The Accuracy Rate of LLMs’ Response
GPT-4o, GPT-4, and Claude 3 Opus answered all 790 questions without prompt. Gemini 1.5 Pro refused to answer the 12 questions that included images of human body parts. In these cases, prompts were used to obtain responses. However, Gemini 1.5 Pro refused to answer two questions even with prompts. Therefore, the Gemini 1.5 Pro provided answers to 788 questions. All responses and their correct markings are presented in Supplementary Materials 2 and 3.
The overall accuracy rates for the four LLMs, from highest to lowest, were 89.2% (95% CI: 86.90%-91.30%) for GPT-4o, 82.0% (95% CI: 79.20%-84.60%) for Claude 3 Opus, 80.1% (95% CI: 73.70%-82.20%) for Gemini 1.5 Pro, and 76.8% (95% CI: 73.70%-79.70%) for GPT-4. The accuracy rate of GPT-4o was significantly higher than that of the other three LLMs (all P-values < 0.001), and it achieved an accuracy rate of over 90.0% (90.8%) for the 2024 JNME. All four LLMs had higher accuracy rates on the 2024 JNME compared to the 2018 JNME, but the differences were not statistically significant (all P-values ≥ 0.05). (Table 1)
We calculated the scores of the four LLMs based on the scoring rules of JNME and compared them with the passing threshold. GPT-4O, Gemini 1.5 Pro, and Claude 3 Opus passed the 2024 JNME exam, whereas GPT-4 missed the passing score by one point on the nonessential questions. Claude 3 Opus achieved a passing score on the nonessential questions of the 2024 JNME. All four LLMs passed the 2018 exam, with GPT-4 exceeding the passing score by only two points on the nonessential questions. (Table 2)
Among all 790 questions, the accuracy rates for non-image-based questions were as follows: 92.2% (95% CI: 89.8%-94.2%) for GPT-4o, 80.0% (95% CI: 76.6%-83.2%) for GPT-4, 81.9% (95% CI: 78.5%-84.9%) for Gemini 1.5 Pro, and 83.6% (95% CI: 80.4%-86.5%) for Claude 3 Opus. All values were above 80%, with GPT-4o achieving an accuracy of over 90%. For image-based questions, the accuracy rates were 80.4% (95% CI: 74.2%-85.7%) for GPT-4o, 67.3% (95% CI: 60.4%-73.8%) for GPT-4, 74.6% (95% CI: 67.9%-80.5%) for Gemini 1.5 Pro, and 77.4% (95% CI: 70.9%-83.0%) for Claude 3 Opus. Only GPT-4o had an accuracy rate above 80% for image-based questions. The accuracy rates for the non-image-based questions were higher by 11.8%, 12.7%, 7.4%, and 6.2% for the GPT-4o, GPT-4, Gemini 1.5 Pro, and Claude 3 Opus, respectively. Three of them showed significant differences (GPT-4O and GPT-4: P<0.001; Gemini 1.5 Pro: P=0.03; Claude 3 Opus: P=0.054). By separately examining the results for 2018 and 2024, all four LLMs had higher accuracy rates for non-image-based questions than image-based questions. (Table 3)

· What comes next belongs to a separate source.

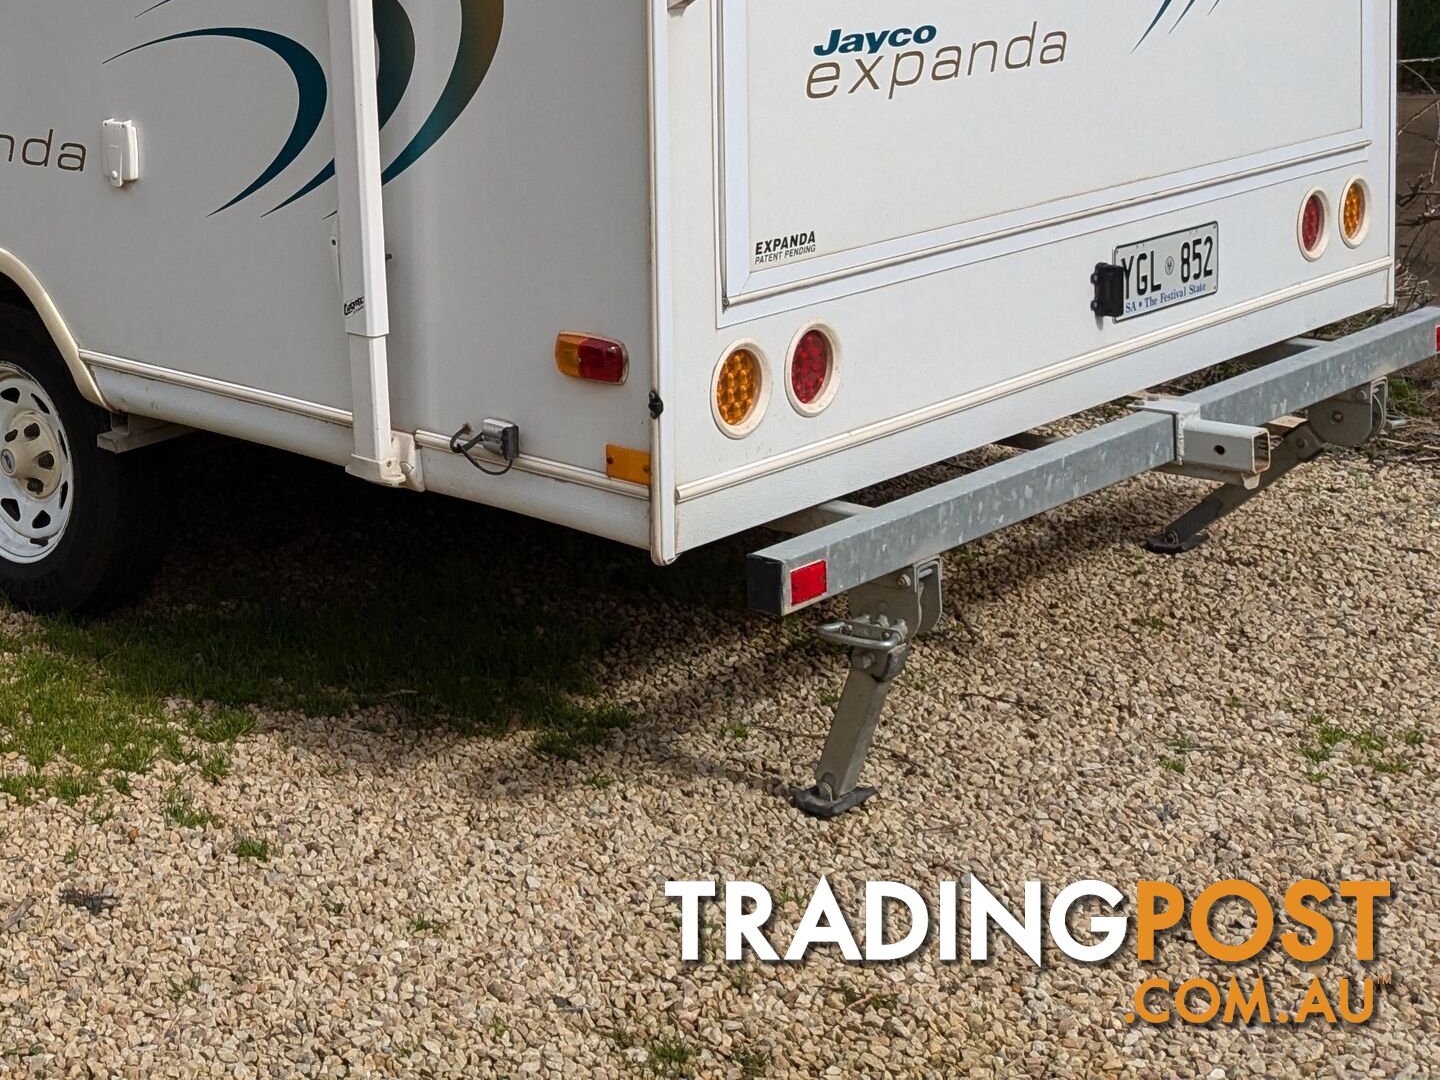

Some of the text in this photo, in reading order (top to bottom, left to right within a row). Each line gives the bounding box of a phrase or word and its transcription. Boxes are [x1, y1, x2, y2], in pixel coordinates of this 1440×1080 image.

For performance on questions with different difficulty levels, GPT-4o’s accuracy rates were as follows: 95.0% (95% CI: 92.6%–96.9%) for easy questions, 85.3% (95% CI: 79.8%–89.7%) for normal questions, and 76.2% (95% CI: 67.0%–83.2%) for difficult questions. GPT-4’s accuracy rates were: 84.2% (95% CI: 80.5%–87.5%) for easy questions, 71.0% (95% CI: 64.4%–76.9%) for normal questions, and 61.5% (95% CI: 52.6%–69.9%) for difficult questions. The accuracy rates of Gemini 1.5 Pro were 86.8% (95% CI: 82.9%–89.5%) for easy questions, 77.9% (95% CI: 71.8%–83.2%) for normal questions, and 61.5% (95% CI: 52.6%–69.9%) for difficult questions. Claude 3 Opus accuracy rates were 89.2% (95% CI: 85.9%–91.9%) for easy questions, 76.0% (95% CI: 69.8%–81.6%) for normal questions, and 67.7% (95% CI: 58.9%– 75.6%) for difficult questions. For all four LLMs, the accuracy rate differences between easy and normal questions and between normal and difficult questions were approximately 10%, showing statistically significant differences (all p< 0.05). (Table 4)
GPT-4o had an accuracy rate that was 3.6% higher for general questions than for clinical questions. GPT-4, Gemini 1.5 Pro, and Claude 3 Opus had accuracy rates for clinical questions that were 5.5%, 1.7%, and 2.9% higher than those for general questions, respectively. None of these differences was statistically significant (p > 0.05). (Table 5)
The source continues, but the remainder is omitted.